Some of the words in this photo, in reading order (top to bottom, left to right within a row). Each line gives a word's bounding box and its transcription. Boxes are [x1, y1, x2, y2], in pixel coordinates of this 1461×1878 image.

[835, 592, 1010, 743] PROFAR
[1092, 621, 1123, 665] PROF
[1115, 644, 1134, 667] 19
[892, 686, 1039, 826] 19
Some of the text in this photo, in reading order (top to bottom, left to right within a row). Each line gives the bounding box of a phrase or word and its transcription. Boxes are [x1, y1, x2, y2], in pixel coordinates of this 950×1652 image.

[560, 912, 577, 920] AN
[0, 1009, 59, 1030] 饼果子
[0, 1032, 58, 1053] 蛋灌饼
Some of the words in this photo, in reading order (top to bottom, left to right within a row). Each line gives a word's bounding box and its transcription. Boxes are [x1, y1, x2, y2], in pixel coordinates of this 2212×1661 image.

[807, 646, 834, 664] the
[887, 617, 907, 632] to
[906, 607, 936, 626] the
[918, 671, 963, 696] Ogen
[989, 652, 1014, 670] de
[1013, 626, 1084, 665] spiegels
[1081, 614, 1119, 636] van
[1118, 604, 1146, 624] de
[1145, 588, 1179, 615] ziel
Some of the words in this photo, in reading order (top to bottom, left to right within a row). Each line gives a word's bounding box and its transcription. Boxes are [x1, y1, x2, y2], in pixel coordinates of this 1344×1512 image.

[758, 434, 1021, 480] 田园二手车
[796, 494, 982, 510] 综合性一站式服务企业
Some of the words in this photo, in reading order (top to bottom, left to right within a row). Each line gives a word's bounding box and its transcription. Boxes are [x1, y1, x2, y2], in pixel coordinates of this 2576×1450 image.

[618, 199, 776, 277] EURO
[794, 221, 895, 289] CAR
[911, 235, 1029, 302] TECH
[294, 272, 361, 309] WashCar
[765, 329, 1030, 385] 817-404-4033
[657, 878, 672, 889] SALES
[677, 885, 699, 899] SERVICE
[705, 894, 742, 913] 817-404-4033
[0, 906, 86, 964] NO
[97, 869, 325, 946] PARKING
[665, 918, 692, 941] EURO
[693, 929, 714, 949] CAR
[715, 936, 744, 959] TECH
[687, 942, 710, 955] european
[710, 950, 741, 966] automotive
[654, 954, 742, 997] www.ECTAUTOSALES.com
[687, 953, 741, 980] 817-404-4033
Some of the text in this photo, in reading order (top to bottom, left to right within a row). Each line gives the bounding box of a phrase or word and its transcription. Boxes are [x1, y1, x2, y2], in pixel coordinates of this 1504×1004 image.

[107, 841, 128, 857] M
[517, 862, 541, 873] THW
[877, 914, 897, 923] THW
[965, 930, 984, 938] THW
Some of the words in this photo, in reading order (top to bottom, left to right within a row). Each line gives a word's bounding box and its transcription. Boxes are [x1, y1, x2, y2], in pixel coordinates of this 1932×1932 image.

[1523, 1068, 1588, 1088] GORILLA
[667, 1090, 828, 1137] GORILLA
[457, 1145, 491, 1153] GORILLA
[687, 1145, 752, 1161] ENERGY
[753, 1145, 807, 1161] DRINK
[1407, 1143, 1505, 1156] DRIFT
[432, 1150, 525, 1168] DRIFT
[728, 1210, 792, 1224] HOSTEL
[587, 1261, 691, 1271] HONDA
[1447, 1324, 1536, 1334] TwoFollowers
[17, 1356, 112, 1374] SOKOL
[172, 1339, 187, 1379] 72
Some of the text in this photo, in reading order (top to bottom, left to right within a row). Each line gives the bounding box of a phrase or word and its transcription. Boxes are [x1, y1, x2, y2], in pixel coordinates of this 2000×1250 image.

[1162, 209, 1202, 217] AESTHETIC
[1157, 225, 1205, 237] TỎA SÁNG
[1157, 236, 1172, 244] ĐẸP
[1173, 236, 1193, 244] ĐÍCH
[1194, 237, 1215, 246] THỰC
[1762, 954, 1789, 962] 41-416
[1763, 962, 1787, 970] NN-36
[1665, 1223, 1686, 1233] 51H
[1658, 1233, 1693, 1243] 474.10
■ ■ ■ ■ ■ ■ ■
The records above must be printed again in full, exactly as written.

Some of the words in this photo, in reading order (top to bottom, left to right within a row). Each line gives a word's bounding box and its transcription. Boxes are [x1, y1, x2, y2], in pixel coordinates of this 1461×1878 image.

[835, 592, 1010, 743] PROFAR
[1092, 621, 1123, 665] PROF
[1115, 644, 1134, 667] 19
[892, 686, 1039, 826] 19
Some of the text in this photo, in reading order (top to bottom, left to right within a row). Each line gives the bounding box of a phrase or word and its transcription. Boxes are [x1, y1, x2, y2], in pixel coordinates of this 950×1652 image.

[560, 912, 577, 920] AN
[0, 1009, 59, 1030] 饼果子
[0, 1032, 58, 1053] 蛋灌饼
Some of the words in this photo, in reading order (top to bottom, left to right within a row). Each line gives a word's bounding box and its transcription. Boxes are [x1, y1, x2, y2], in pixel coordinates of this 2212×1661 image.

[807, 646, 834, 664] the
[887, 617, 907, 632] to
[906, 607, 936, 626] the
[918, 671, 963, 696] Ogen
[989, 652, 1014, 670] de
[1013, 626, 1084, 665] spiegels
[1081, 614, 1119, 636] van
[1118, 604, 1146, 624] de
[1145, 588, 1179, 615] ziel
Some of the words in this photo, in reading order (top to bottom, left to right within a row). Each line gives a word's bounding box and its transcription. Boxes are [x1, y1, x2, y2], in pixel coordinates of this 1344×1512 image.

[758, 434, 1021, 480] 田园二手车
[796, 494, 982, 510] 综合性一站式服务企业
Some of the words in this photo, in reading order (top to bottom, left to right within a row). Each line gives a word's bounding box and its transcription. Boxes are [x1, y1, x2, y2], in pixel coordinates of this 2576×1450 image.

[618, 199, 776, 277] EURO
[794, 221, 895, 289] CAR
[911, 235, 1029, 302] TECH
[294, 272, 361, 309] WashCar
[765, 329, 1030, 385] 817-404-4033
[657, 878, 672, 889] SALES
[677, 885, 699, 899] SERVICE
[705, 894, 742, 913] 817-404-4033
[0, 906, 86, 964] NO
[97, 869, 325, 946] PARKING
[665, 918, 692, 941] EURO
[693, 929, 714, 949] CAR
[715, 936, 744, 959] TECH
[687, 942, 710, 955] european
[710, 950, 741, 966] automotive
[654, 954, 742, 997] www.ECTAUTOSALES.com
[687, 953, 741, 980] 817-404-4033
Some of the text in this photo, in reading order (top to bottom, left to right within a row). Each line gives the bounding box of a phrase or word and its transcription. Boxes are [x1, y1, x2, y2], in pixel coordinates of this 1504×1004 image.

[107, 841, 128, 857] M
[517, 862, 541, 873] THW
[877, 914, 897, 923] THW
[965, 930, 984, 938] THW
Some of the words in this photo, in reading order (top to bottom, left to right within a row). Each line gives a word's bounding box and its transcription. Boxes are [x1, y1, x2, y2], in pixel coordinates of this 1932×1932 image.

[1523, 1068, 1588, 1088] GORILLA
[667, 1090, 828, 1137] GORILLA
[457, 1145, 491, 1153] GORILLA
[687, 1145, 752, 1161] ENERGY
[753, 1145, 807, 1161] DRINK
[1407, 1143, 1505, 1156] DRIFT
[432, 1150, 525, 1168] DRIFT
[728, 1210, 792, 1224] HOSTEL
[587, 1261, 691, 1271] HONDA
[1447, 1324, 1536, 1334] TwoFollowers
[17, 1356, 112, 1374] SOKOL
[172, 1339, 187, 1379] 72
Some of the text in this photo, in reading order (top to bottom, left to right within a row). Each line gives the bounding box of a phrase or word and its transcription. Boxes are [x1, y1, x2, y2], in pixel coordinates of this 2000×1250 image.

[1162, 209, 1202, 217] AESTHETIC
[1157, 225, 1205, 237] TỎA SÁNG
[1157, 236, 1172, 244] ĐẸP
[1173, 236, 1193, 244] ĐÍCH
[1194, 237, 1215, 246] THỰC
[1762, 954, 1789, 962] 41-416
[1763, 962, 1787, 970] NN-36
[1665, 1223, 1686, 1233] 51H
[1658, 1233, 1693, 1243] 474.10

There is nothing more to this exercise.